There is an increasing consumer demand for gently processed and lightly preserved food products containing fewer chemical preservatives. Such new types of food represent a challenge with respect to microbiological food safety and shelf life. One answer to this challenge is the use of biopreservatives, i.e., live bacteria or products of bacteria, which inhibit the growth of pathogens and spoilage bacteria. Bioprotective organisms primarily include lactic acid bacteria that produce antimicrobial substances such as organic acids, hydrogen peroxide, specific enzymes, small metabolites (reuterin, diacetyl, and fatty acids) and bacteriocins (8). The ability of either bacteriocins or bacteriocin-producing strains to restrict the growth of pathogenic bacteria such as Listeria monocytogenes in various food products is well described. The majority of the investigations are carried out on ready-to-eat foods including cheese (16) and meat products (17, 19); however, fish (23) and vegetables (1) can also be preserved by bioprotection.
Nisin A is a 34-amino-acid peptide (3,500 Da) produced by several Lactococcus lactis strains (13). This antimicrobial peptide can inhibit the growth of a wide range of gram-positive vegetative cells and prevent germination of spores (9). Nisin was the first bacteriocin to be granted “generally recognized as safe” status for use in cheese production in the United States (13). In 1969, nisin was given international acceptance as a food additive by the World Health Organization and is now permitted in a variety of food products around the world (30). From the European Parliament and Council Directive of 1995, nisin is regulated as a preservative with use restricted to specific food products.
While the inhibitory effects of nisin and nisin-producing L. lactis cells in food matrices are well described, no documentation exists on the effect of ingested nisin or nisin-producing L. lactis on the commensal gastrointestinal microbiota. It is not known whether nisin production is induced in the L. lactis strains present in the gut or whether ingested nisin is degraded in the intestinal environment. The most commonly used analytical tools for the determination of nisin concentration are biological assays (agar diffusion tests), but the drawbacks of these methods are lack of specificity and limited sensitivity.
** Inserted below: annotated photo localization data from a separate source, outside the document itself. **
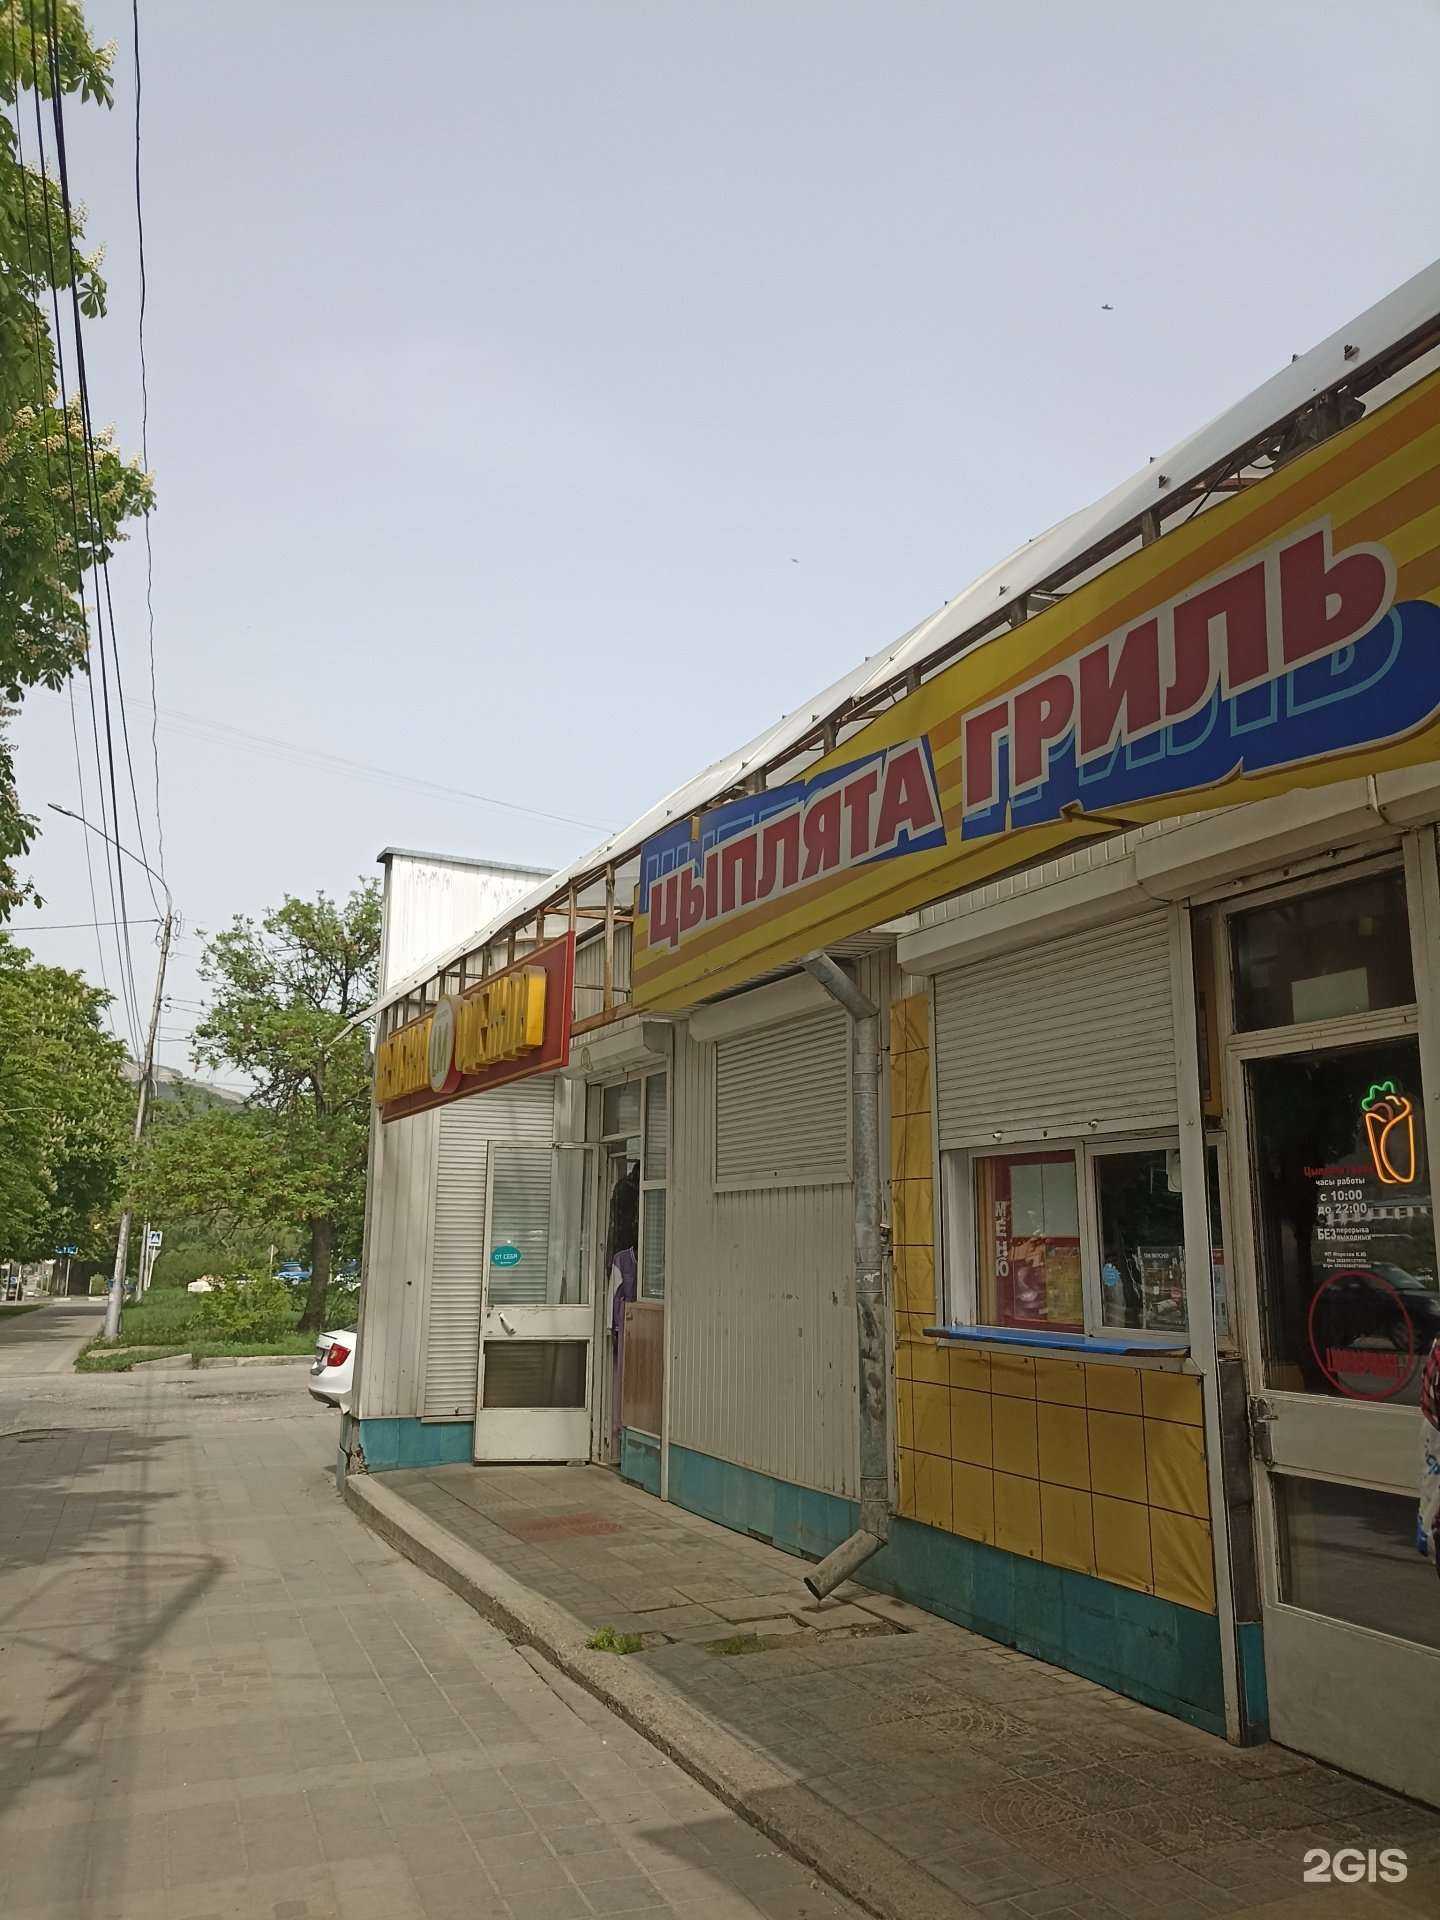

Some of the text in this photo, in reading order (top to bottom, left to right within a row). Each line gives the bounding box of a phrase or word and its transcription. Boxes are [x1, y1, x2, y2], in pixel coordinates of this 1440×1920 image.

[648, 514, 1398, 950] ЦЫПЛЯТА ГРИЛЬ
[1337, 1177, 1365, 1186] работы
[1331, 1190, 1363, 1201] 10:00
[1317, 1203, 1368, 1216] до 22:00
[995, 1200, 1010, 1277] МЕНЮ
[1318, 1228, 1337, 1241] БЕЗ
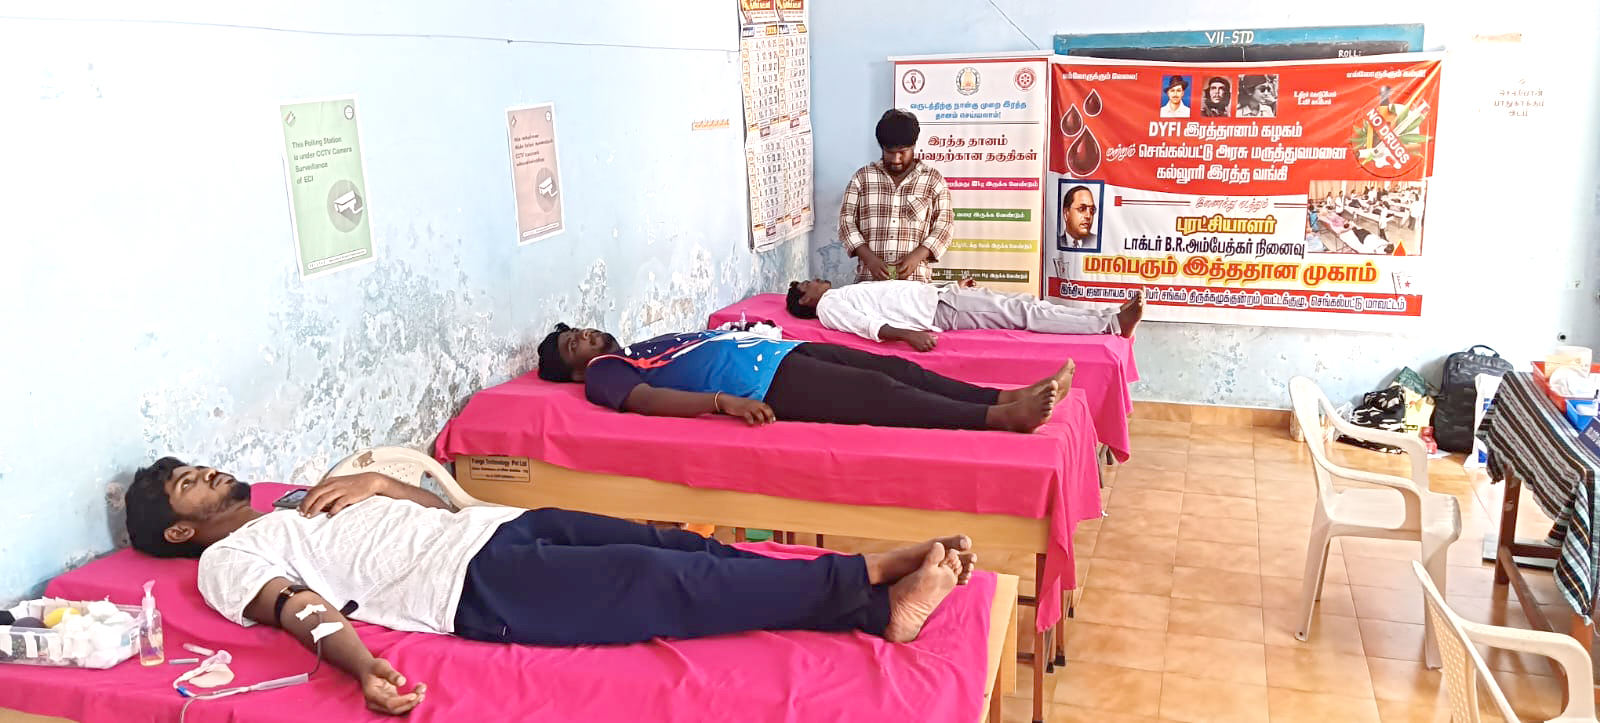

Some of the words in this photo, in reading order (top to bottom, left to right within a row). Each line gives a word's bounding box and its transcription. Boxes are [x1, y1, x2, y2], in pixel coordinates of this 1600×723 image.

[1205, 30, 1254, 44] VII-STD
[928, 134, 965, 148] இரத்த
[968, 134, 1008, 148] தானம்
[1148, 121, 1181, 137] DYFI
[1261, 121, 1303, 142] கழகம்
[1366, 108, 1383, 127] NO
[1379, 125, 1410, 164] DRUGS
[299, 152, 315, 160] under
[316, 149, 331, 157] CCTV
[985, 149, 1038, 162] தகுதிகள்
[1138, 142, 1214, 162] செங்கல்பட்டு
[1216, 144, 1249, 160] அரசு
[1251, 143, 1348, 164] மருத்துவமனை
[1157, 163, 1206, 184] கல்லூரி
[1207, 164, 1251, 184] இரத்த
[1253, 164, 1289, 181] வங்கி
[1176, 213, 1277, 236] புரட்சியாளர்
[1124, 235, 1163, 252] டாக்டர்
[1255, 239, 1305, 260] நினைவு
[1084, 254, 1179, 279] மாபெரும்
[1302, 261, 1378, 286] முகாம்
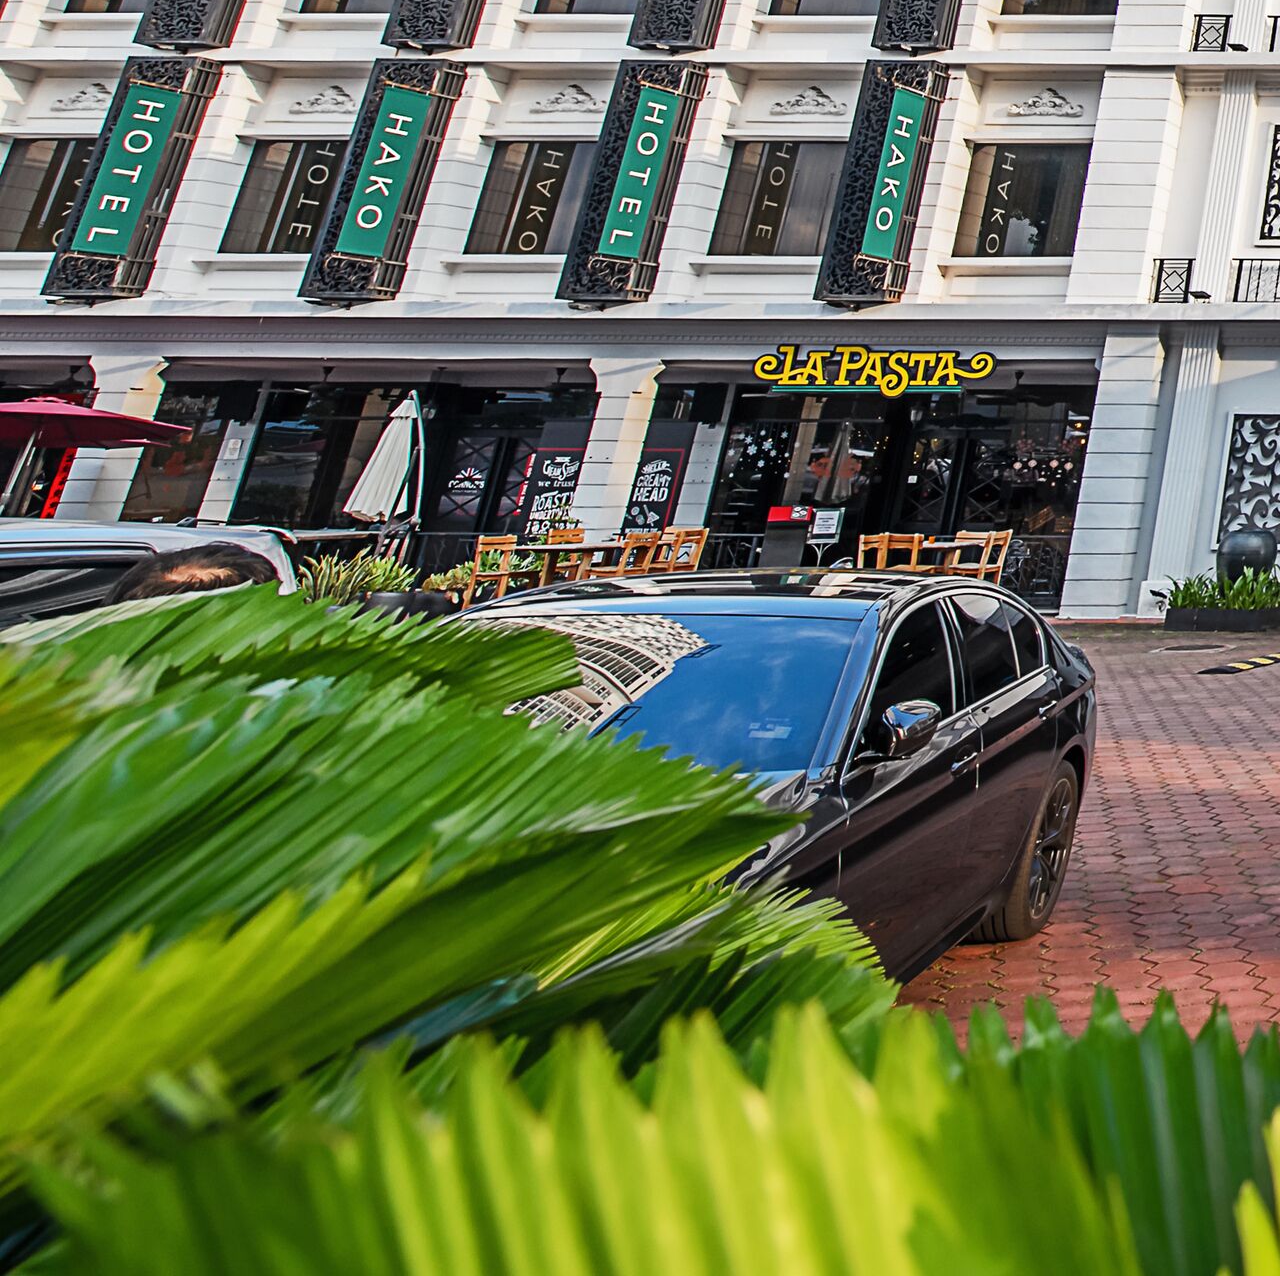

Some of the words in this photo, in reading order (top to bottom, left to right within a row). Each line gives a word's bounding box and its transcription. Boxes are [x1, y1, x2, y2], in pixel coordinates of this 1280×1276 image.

[87, 99, 166, 242] HOTEL
[356, 112, 413, 229] HAKO
[609, 101, 668, 244] HOTEL
[875, 115, 914, 231] HAKO
[753, 345, 831, 386] LA
[833, 345, 995, 398] PASTA
[553, 480, 576, 488] trust
[632, 486, 669, 502] HEAD
[636, 473, 672, 488] CREAMY
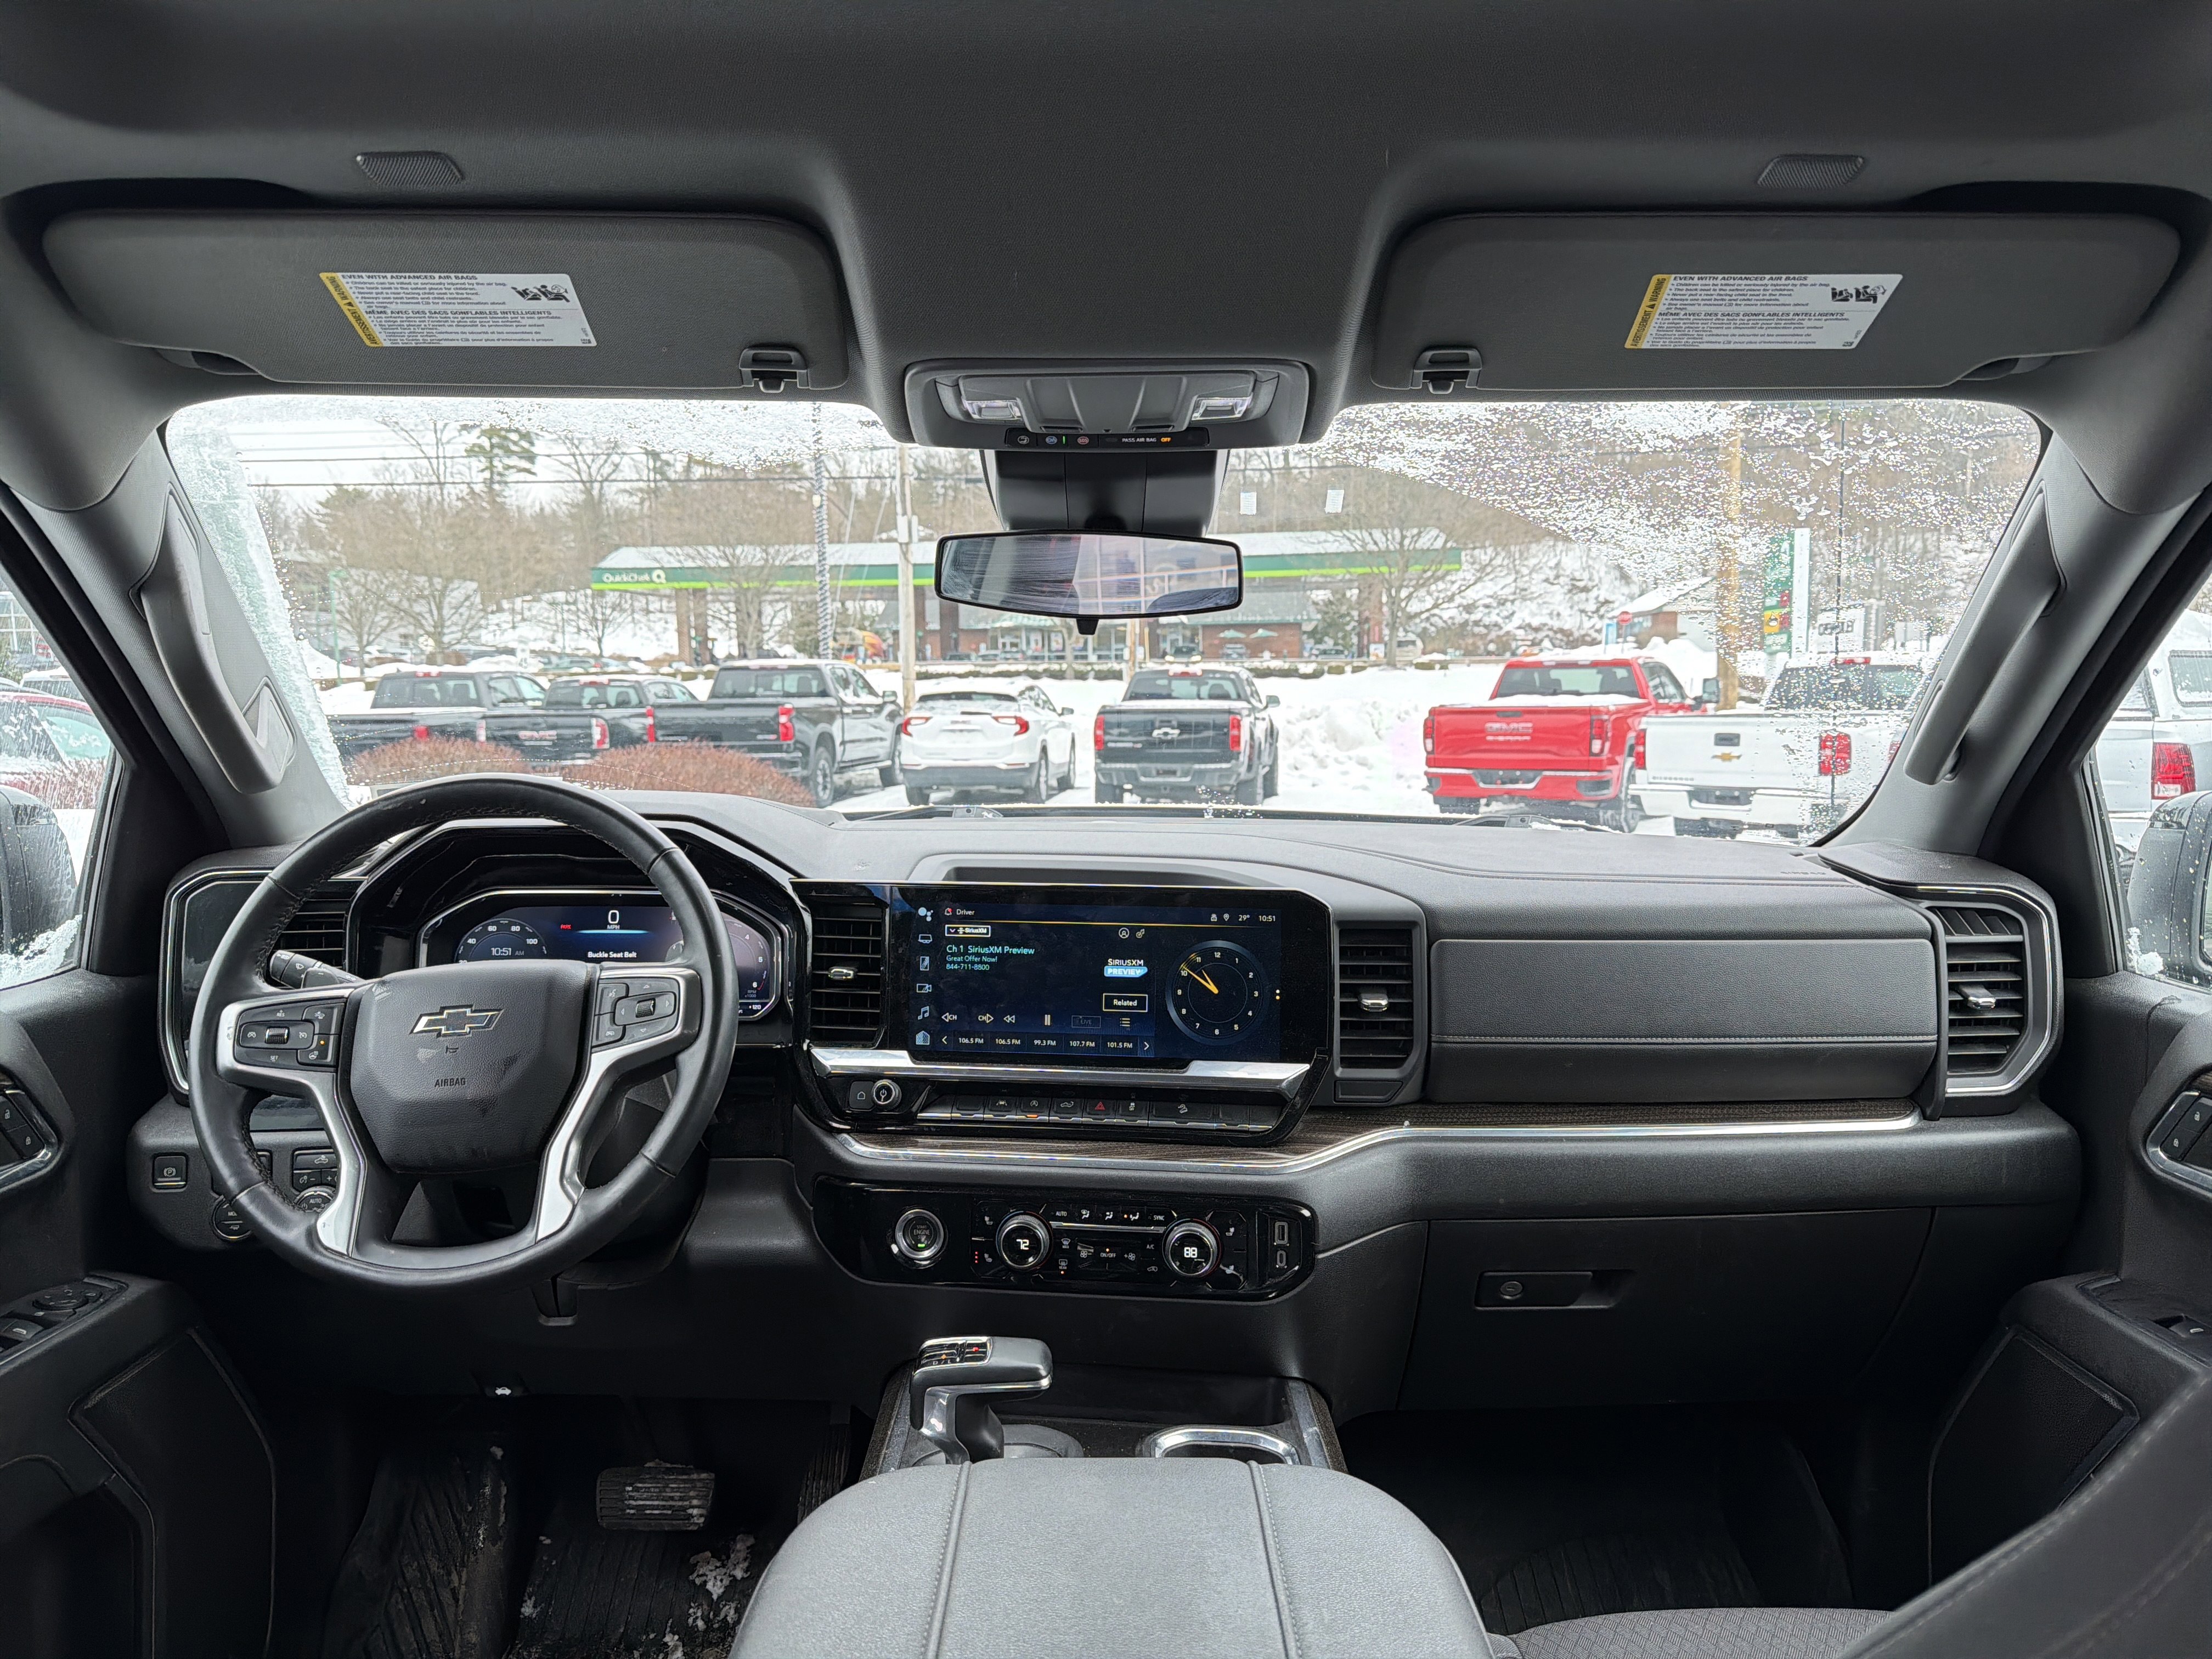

Highly specific immunochemistry-based methods are therefore gaining attention (28).
The objective of the present study was to provide information about the unintended effects of nisin and nisin-producing bacteria used for biopreservation. This type of information is highly relevant for the risk assessment of biopreservative products. A gnotobiotic rat model associated with human fecal microbiota (7) was used to investigate the effects of consumption of nisin and nisin-producing lactococci on the indigenous gut bacteria. Issues of (i) degradation of ingested pure nisin and (ii) nisin production by L. lactis present in the gastronintestinal (GI) tract were addressed using a biological as well as a competitive immunoassay.
MATERIALS AND METHODS
Bacterial strains.
L. lactis strains CHCC5826 (Chr. Hansen Culture Collection, Chr. Hansen A/S, Hørsholm, Demark) and CHCC2862 are isogenic with the exception of the nisin A gene cluster. L. lactis CHCC5826 was constructed by conjugative transposition of this cluster from L. lactis CHCC4098Lac− into strain CHCC2862. The lactose-negative derivative of L. lactis CHCC4098 was constructed by plasmid curing at 40°C and screening as described by McKay et al. (21). Conjugative transposition (20) of the nisin A gene cluster from L. lactis CHCC4098Lac− into strain CHCC2862 was conducted, and transconjugants were selected as lactose-positive and nisin-resistant colonies on lactic agar (21) containing 1,600 IU per ml of nisin. One such colony was named CHCC5826.
HFA animals.
Nineteen germ-free Sprague-Dawley rats (aged 6 weeks) bred at the Danish Institute for Food and Veterinary Research from parental animals originally obtained from IFFA Credo, France, were used. The animals were kept and fed, and the germ-free status was confirmed as described previously (26). All animals were caged individually throughout the duration of the study. Human flora-associaetd (HFA) rats were created by oral gavage of the germ-free rats with 1 ml of human fecal suspension prepared as described below. Twenty days after the introduction of human microbiota, the rats were randomly allocated to five groups and dosed with either nisin-producing or non-nisin-producing L. lactis, nisin A (Chr. Hansen, Hørsholm, Denmark), or phosphate-buffered saline (PBS; Oxoid, Hampshire, England) per os twice during 2 days, as shown in Table 1. The nisin-producing and non-nisin-producing L. lactis isolates were freeze-dried and diluted in saline to the concentrations described in Table 1.
TABLE 1.
Dosage of animals
| Group | No. of rats | Inoculum | Dose
|
|
|---|---|---|---|---|
| First (day 1) | Second (day 2) | |||
| A | 5 | L. lactis (nisin- producing) CHCC5826 | 6 × 109 CFU | 4 × 109 CFU |
| B | 4 | L. lactis (non-nisin- producing) CHCC2862 | 3 × 109 CFU | 3 × 109 CFU |
| C | 3 | Nisin | 60 mg | 60 mg |
| D | 3 | Nisin | 0.6 mg | 0.6 mg |
| Control | 4 | PBS | 1 ml | 1 ml |
Preparation of human fecal suspension.
A human fecal sample was obtained from a 32-year-old woman who had consumed a common diet and had no recent history of gastrointestinal disturbances or antibiotic treatment. The sample (kept under anaerobic conditions and below 5°C for less than 12 h) was placed in an anaerobic chamber and diluted 10-fold in 50% reinforced clostridial medium (Oxoid, Hampshire, England) containing 17% glycerol, homogenized, and transferred to −80°C.
Sampling from rats.
Fecal samples were obtained directly from the rectums of 17 rats during a 7-week period. Two rats, dosed with 60 mg pure nisin and saline, respectively, were euthanized 3 h after the first inoculation.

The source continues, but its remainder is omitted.